A principal driver behind the dramatic increases in executive pay in large U.S. firms over the past three decades has been the explosion in grants of stock options. A stock option is a right to buy shares at a particular price—the so-called strike price—at some future date. If an employee receives an option to buy 100 shares at a $5 strike price and the stock has risen to $10 by the vesting period, the employee can buy the stock at the lower price and reap a quick profit. The idea is to align employees’ interests with those of shareholders’ to encourage productivity and profits. In reality, the excessive use of options created a mechanism for companies to transfer profits directly to employees—mostly top executives—at the expense of shareholders.

The significant increase in the use and value of stock option awards was driven by a greater focus on equity-based compensation and changes in disclosure and tax rules that reinforced stronger linkages between stock performance and executive pay. Regrettably, there also is evidence that many boards and executives viewed stock options as a low-cost or even cost-free way to compensate executives.
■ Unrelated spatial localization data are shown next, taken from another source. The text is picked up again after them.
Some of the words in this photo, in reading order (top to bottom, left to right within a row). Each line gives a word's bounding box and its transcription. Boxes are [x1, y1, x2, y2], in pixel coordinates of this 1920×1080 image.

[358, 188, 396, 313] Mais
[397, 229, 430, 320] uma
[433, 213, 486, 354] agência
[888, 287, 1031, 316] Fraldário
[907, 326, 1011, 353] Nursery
In economic terms, the cost to the corporation of granting an option to an employee is the opportunity cost the firm gives up by not selling the option in the market, and that cost should be recognized in the firm’s accounting statements as an expense. When a company grants an option to an employee, it bears an economic cost equal to what an outside investor would pay for the option. However, because employees are more risk averse and undiversified than shareholders, and because they are prohibited from trading the options or taking actions to hedge their risk (such as short-selling company stock), employees will naturally value options less than they cost the company to grant. Thus, because the company’s cost can exceed the perceived value to the employee, rather than being a low-cost way of compensating employees stock options constitute an expensive compensation mechanism. Its use can therefore only be justified when the productivity benefits the company expects to get from awarding costly options exceed the pay premium that must be offered to employees receiving the options.
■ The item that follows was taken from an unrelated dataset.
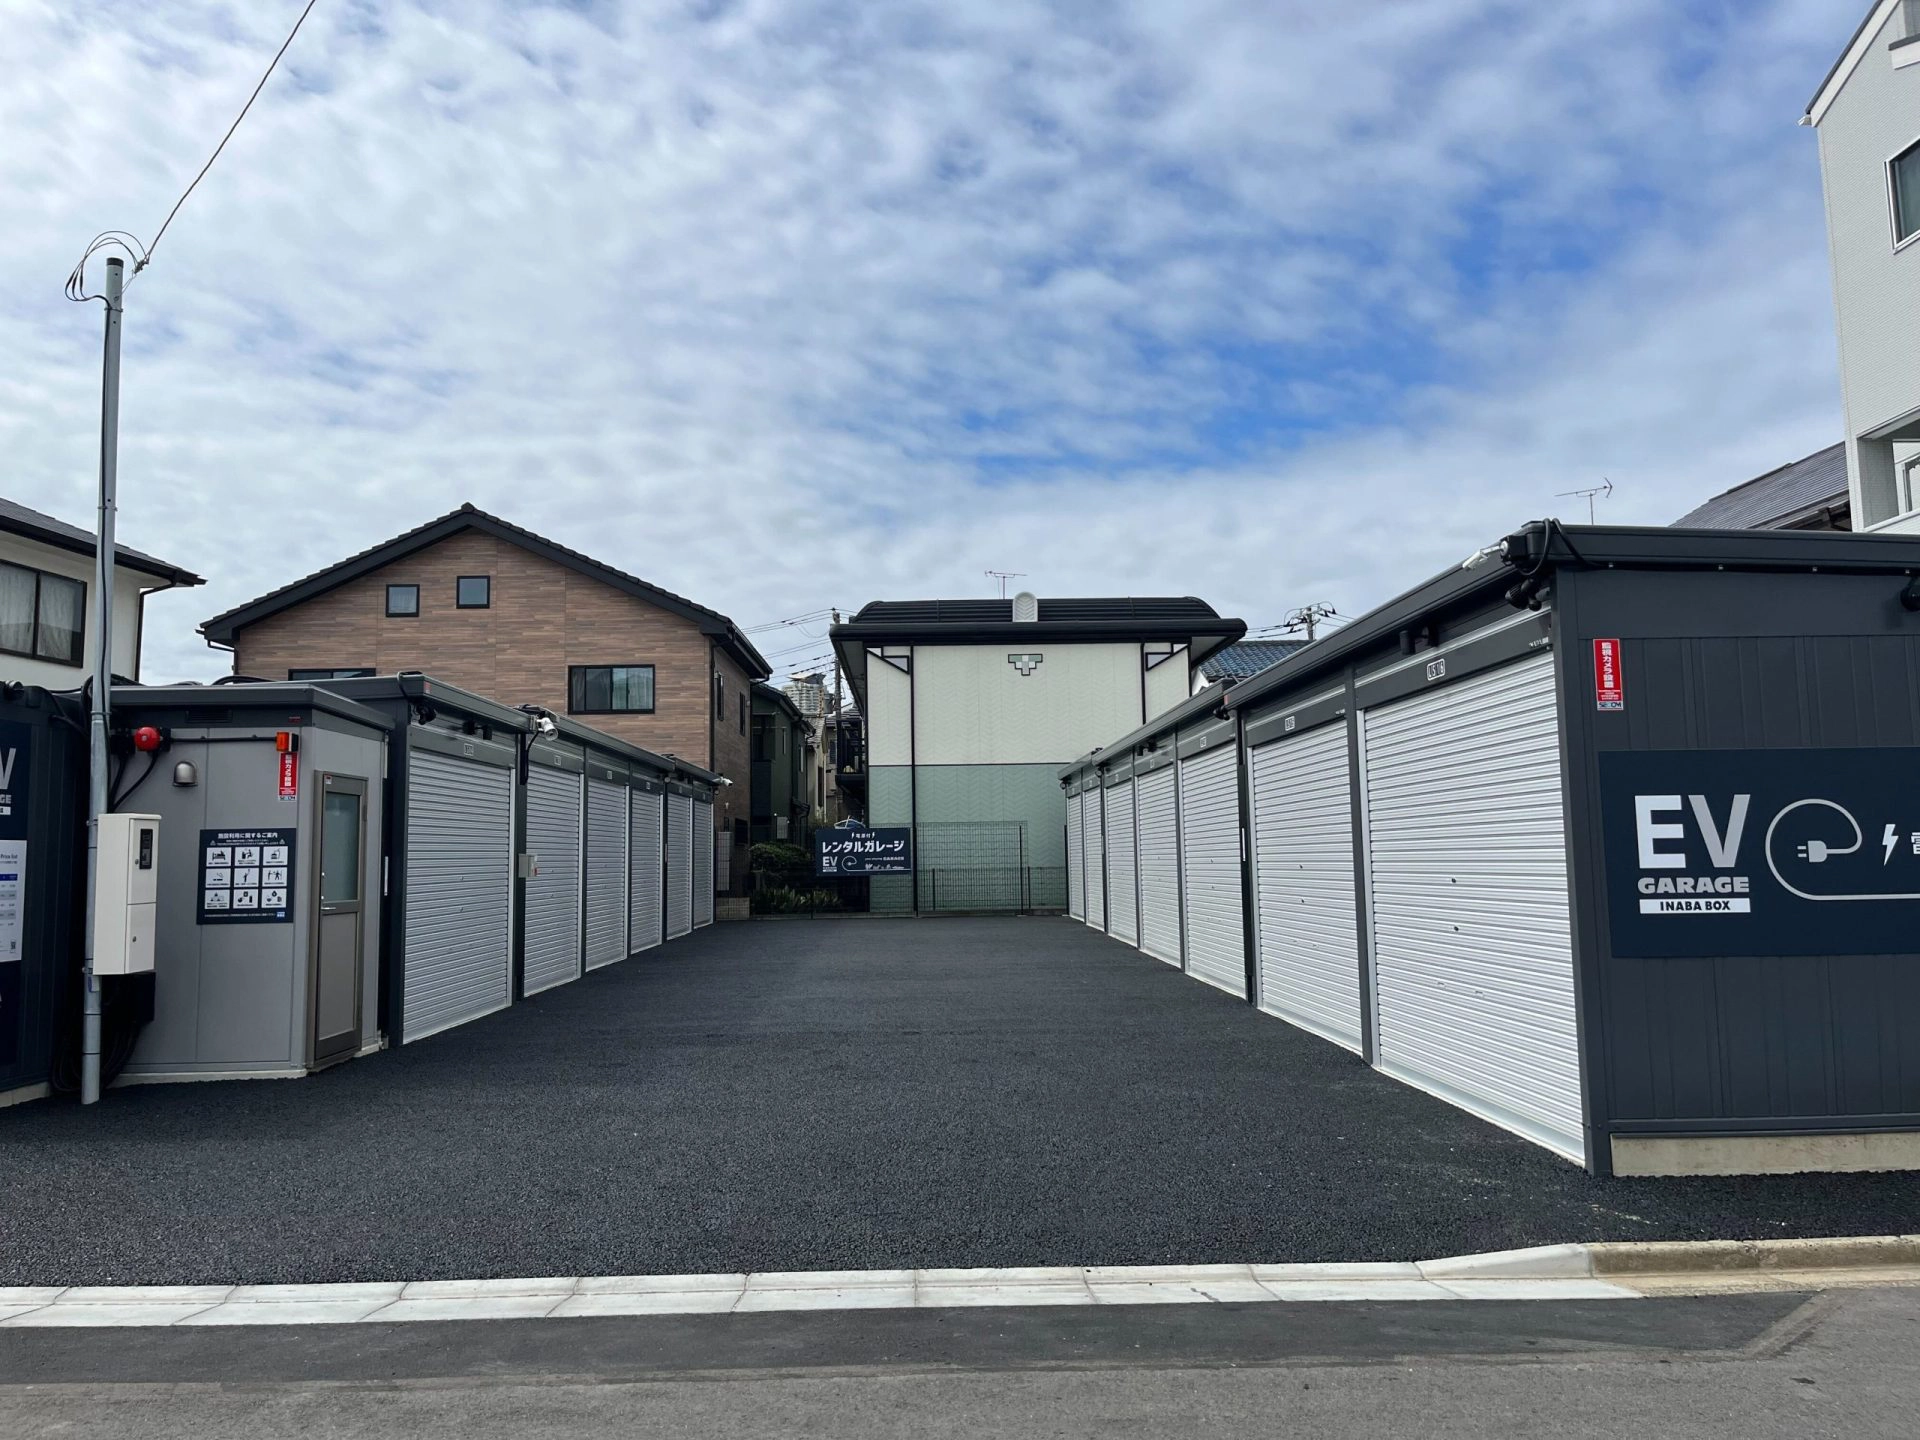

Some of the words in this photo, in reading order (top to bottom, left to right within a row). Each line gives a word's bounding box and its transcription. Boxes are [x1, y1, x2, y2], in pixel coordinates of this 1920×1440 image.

Until recently, many U.S. companies were not very diligent in assessing the cost and value of options and treated options as being cost-free. Option grants do not incur a cash outlay and, until the recent change in accounting rules, did not bear an accounting charge. Moreover, when an option is exercised, the company incurs no cash outlay and receives a cash benefit in the form of a tax deduction for the spread between the stock price and the exercise price. These factors make the “perceived cost” of an option to the company much lower than the economic cost, and often even lower than the value of the option to the employee. As a result, many options were granted to many people, and options with favorable accounting treatment were preferred over better incentive plans with less favorable accounting treatment.

The impact of the excessive use of stock options, especially by leading technology companies, however well intended (ostensibly to attract, reward, and retain executive talent), goes well beyond the realm of executive compensation; it transferred a significant amount of wealth from shareholders to employees.

More recently the image of stock options was tainted further by two illegal acts—backdating and spring loading. Backdating involves picking a date when the stock was trading at an even lower price than the date of the options grant, resulting in an instant profit. Spring loading involves the granting of options right before a company announces news guaranteed to drive up the share price.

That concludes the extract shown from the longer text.